Stupid 12v trailer wiring!

Reply

  #1  
Old 09-25-19, 05:51 PM
XSleeper's Avatar
Group Moderator
Thread Starter
Join Date: Dec 2004
Location: USA
Posts: 23,320
Received 216 Votes on 201 Posts
Stupid 12v trailer wiring!

Ok, so I've got this small 5x8 lawn trailer and the tail lights didn't work at all. So I got new lights, cleaned off the frame with a grinder (since these lights use the frame where they mount for a ground) hooked them up temporarily, and everything worked perfectly.

A few hours later I wanted to finish the job by soldering the wires together then was going to slide waterproof shrink tube over them. Unfortunately I'm color blind and somehow mixed up the left tail light wires. Discovered this when I tested and nothing worked.

So I switched the wires back the way everything should be, but still no love. In retrospect, I probably should not have had the trailer hooked up and hazards on while I did this. But to my knowledge, no hot wires ever touched a ground. But I guess I was soldering them with an electric soldering iron, so I suppose that is what grounded it.

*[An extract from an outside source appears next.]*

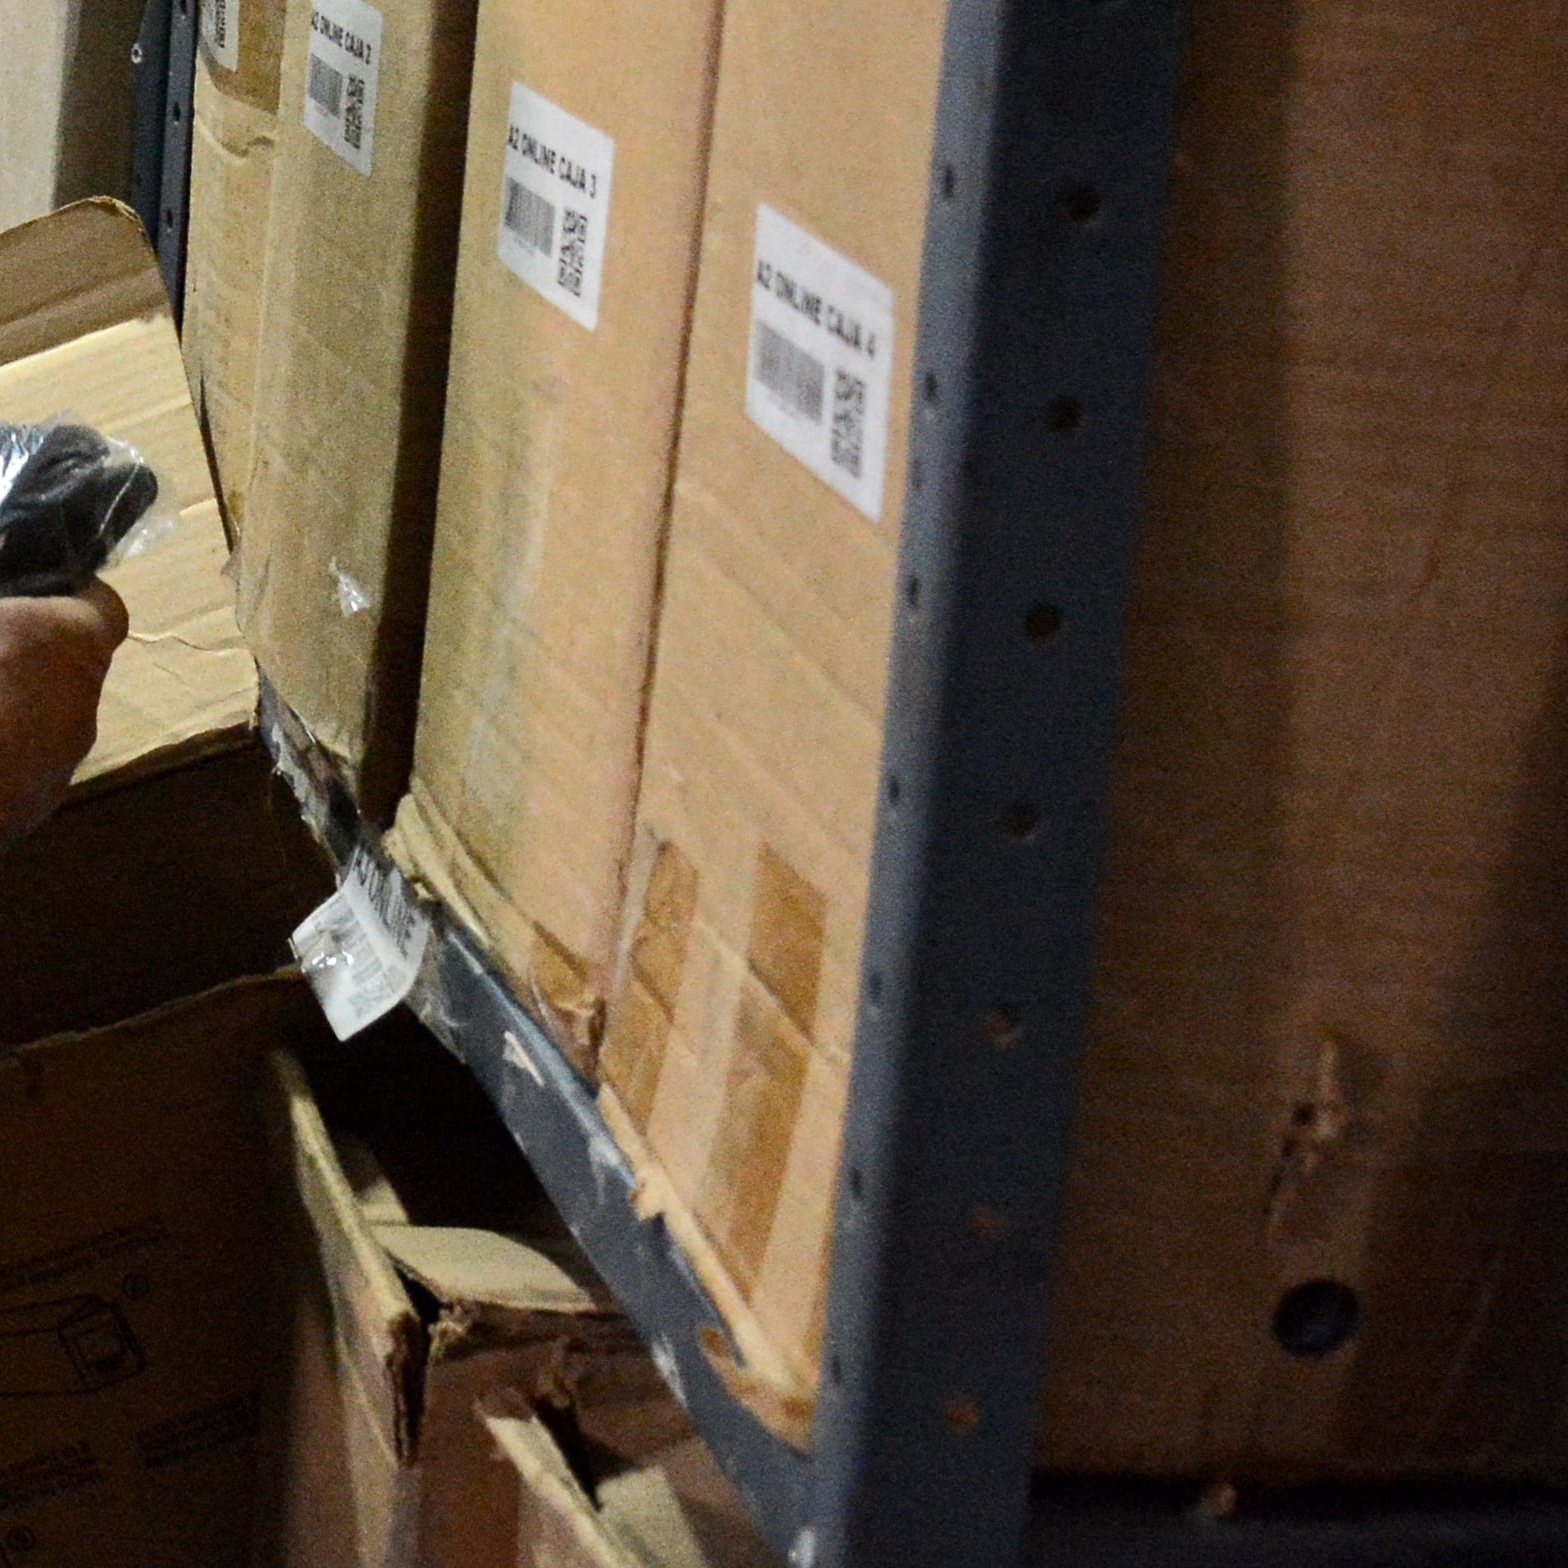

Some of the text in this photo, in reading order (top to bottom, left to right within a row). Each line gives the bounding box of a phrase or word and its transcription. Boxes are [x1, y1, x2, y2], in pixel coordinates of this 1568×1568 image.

The correct voltage is present at the connector on my truck but there is no power at ANY of the tail light wires. I can't find a fuse anywhere on the harness but there must be one concealed inside the frame a few feet behind the hitch. Is that a reasonable conclusion?
 
Sponsored Links
  #2  
Old 09-25-19, 06:54 PM
XSleeper's Avatar
Group Moderator
Thread Starter
Join Date: Dec 2004
Location: USA
Posts: 23,320
Received 216 Votes on 201 Posts
New info... just performed a continuity test... all my power wires are going to ground. What the heck???
 
  #3  
Old 09-25-19, 07:00 PM
Member
Join Date: Jan 2013
Location: U.S.A.
Posts: 2,049
Received 60 Votes on 55 Posts
Based on my experience, maybe not vast, but enough, I would say that it is pretty rare to find a fuse on a trailer of that size. Several things come to mind, but with nothing working on the trailer I would be back to chasing the ground, starting with the connector on the truck. If it's factory installed, and the truck is in decent shape, not a lot of rust and corrosion, I would be content at least for the time being if the ground checked out good at the connector. The way I would check it to be sure is with the cable disconnected at the positive battery terminal and a long wire from the negative terminal to the connector. Pain in the but, I know, but then I'd probably check continuity from the trailer connector to the tail lights. If it's an older trailer, it quite likely uses 1157 bulbs, and unless you've already been there and/or have maintained it yourself for a long time, another place you might want to start is pull those bulbs out and make sure that they are oriented correctly. I can't remember all of the problems, but do remember tracking a few anyway back to the bulbs having been forced in the wrong way. And if the wiring is old, any more I would probably just rip out the old and replace it. I pulled out a roll of trailer harness wire off a bottom shelf in the shop a couple of years ago to cut a piece off for a neighbor, and it was Packard brand which was good quality in its' day, and the exposed ends were bright shiny copper, but when I cut it the wire was all black. So after cutting something newer and he was on his way I stripped that roll back in several spots and darned if it wasn't black every place I checked. Connected a meter to each end and had nothing. So it does break down, and maybe the little incident of cross connecting it was enough to take out an already bad spot.
 
  #4  
Old 09-25-19, 07:02 PM
Tolyn Ironhand's Avatar
Group Moderator
Join Date: Nov 2007
Location: Twin Cities, MN
Posts: 12,965
Received 59 Votes on 52 Posts
You will read continuity to ground if the lights are incandescent as you will read through the filament.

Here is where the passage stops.